The Kabbalistic tradition, with its 2,847 texts from the Sefer Yetzirah through the Lurianic school of sixteenth-century Safed, developed a detailed understanding of hair as spiritually significant. The Zohar, first compiled in thirteenth-century Castile, Spain, discusses hair as the outward expression of inner spiritual channels, the place where divine energy either flows or does not. Hair loss in a spiritual context is not merely cosmetic. It is a mark of some disruption in the relationship between the person and the source of vitality.

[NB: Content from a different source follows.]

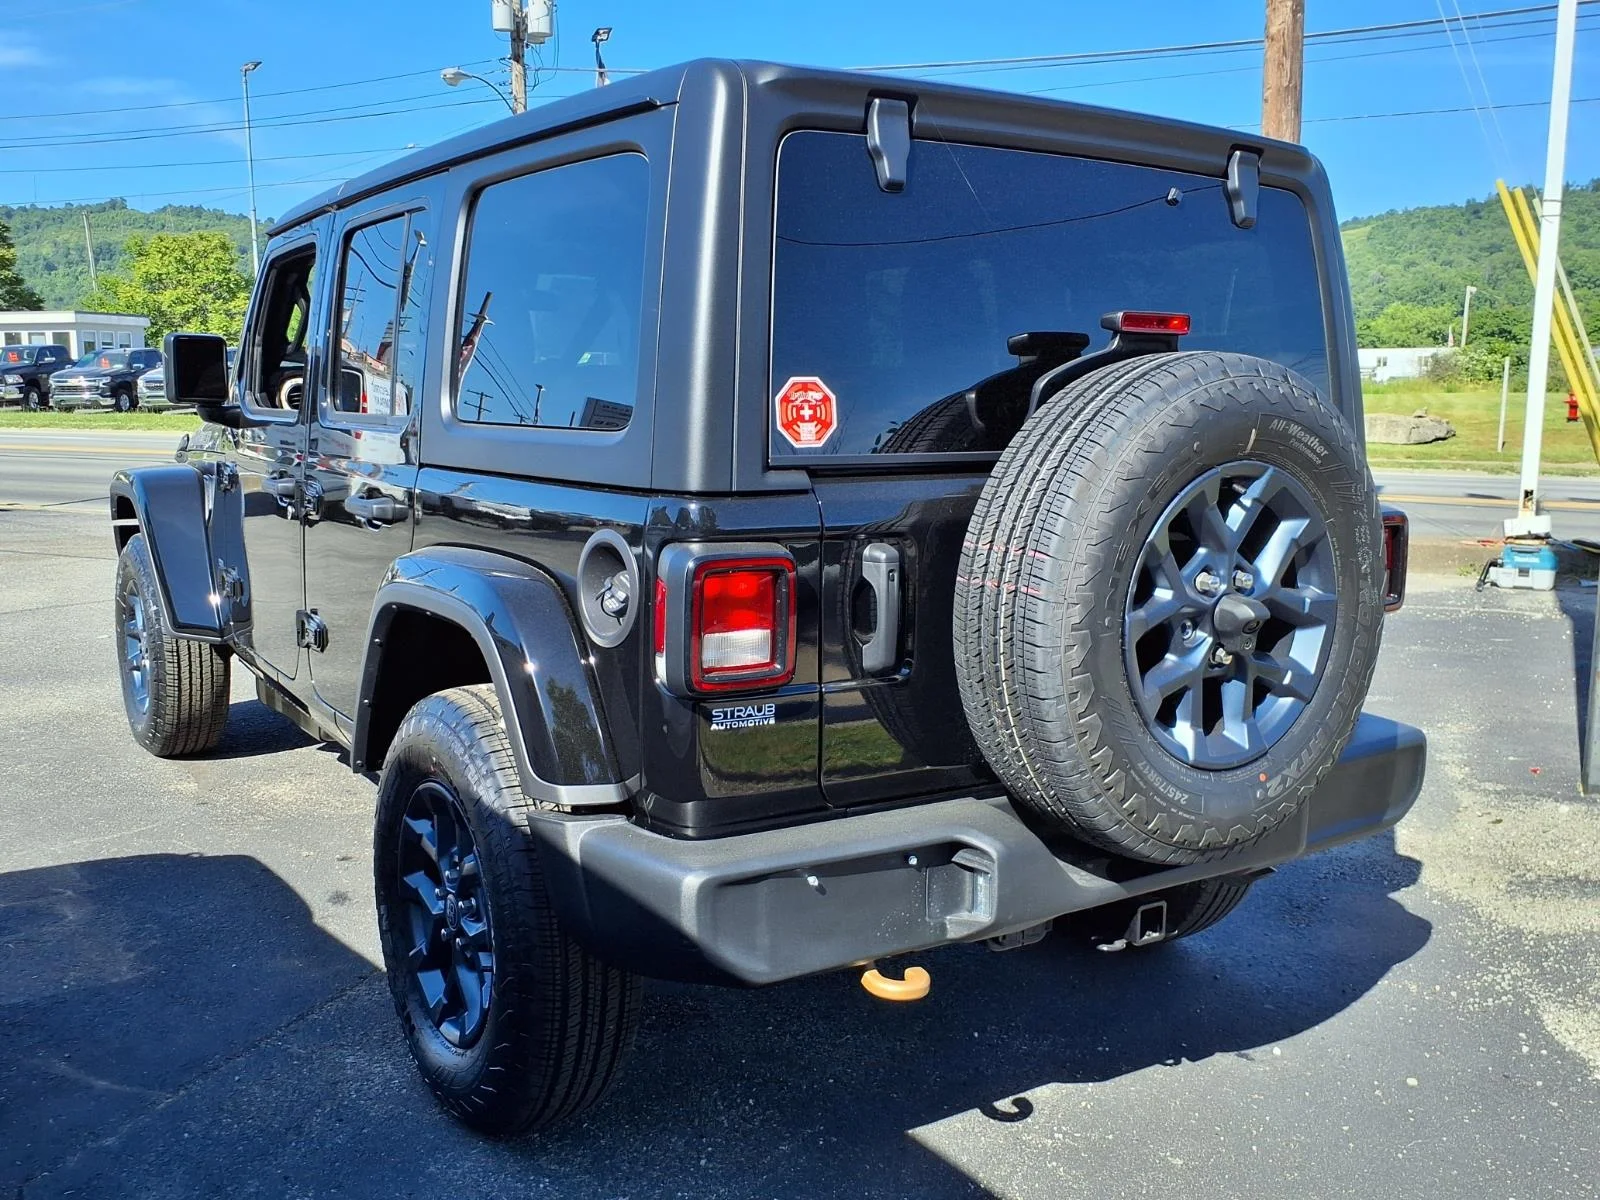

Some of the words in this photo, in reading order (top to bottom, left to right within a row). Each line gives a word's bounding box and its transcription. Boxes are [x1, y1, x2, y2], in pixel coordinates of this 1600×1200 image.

Merutah's permanent baldness, in this framework, is legible as a sign that something in his encounter with the snake altered his spiritual configuration in a way that persisted. He was not punished. He was changed. The land of Israel, the snake, the sight: something happened that left a permanent mark.
Why Akiva Kept This Story
Rabbi Akiva was famous for preserving unexpected traditions. His teaching in the Mekhilta spans law, narrative, and homiletical interpretation, and he consistently kept cases that other sages might have considered too strange or too specific to generalize from. The story of Merutah falls into this category: a single case, from a named person, in a named place, describing an effect that cannot be explained by ordinary causation.
The Midrash Aggadah, with its 3,205 texts including the Pirkei DeRabbi Eliezer compiled in eighth-century Palestine, preserves similar cases of bodies that responded to spiritual realities in dramatic physical ways. The tradition was not troubled by the idea that sight, proximity, and spiritual atmosphere could produce physical effects. The body is not sealed off from the spiritual world. In the land of Israel especially, the two worlds press close together, and the boundary between them is thin.
Rabbi Akiva received this story from the greatest compiler of rabbinic law who ever lived, and he passed it on. The chain of transmission itself is the story's authority. What Merutah saw on that hill mattered enough that it traveled from the man himself to Rabbi Yehudah HaNasi to Rabbi Akiva to the Mekhilta, where it has lived for eighteen centuries.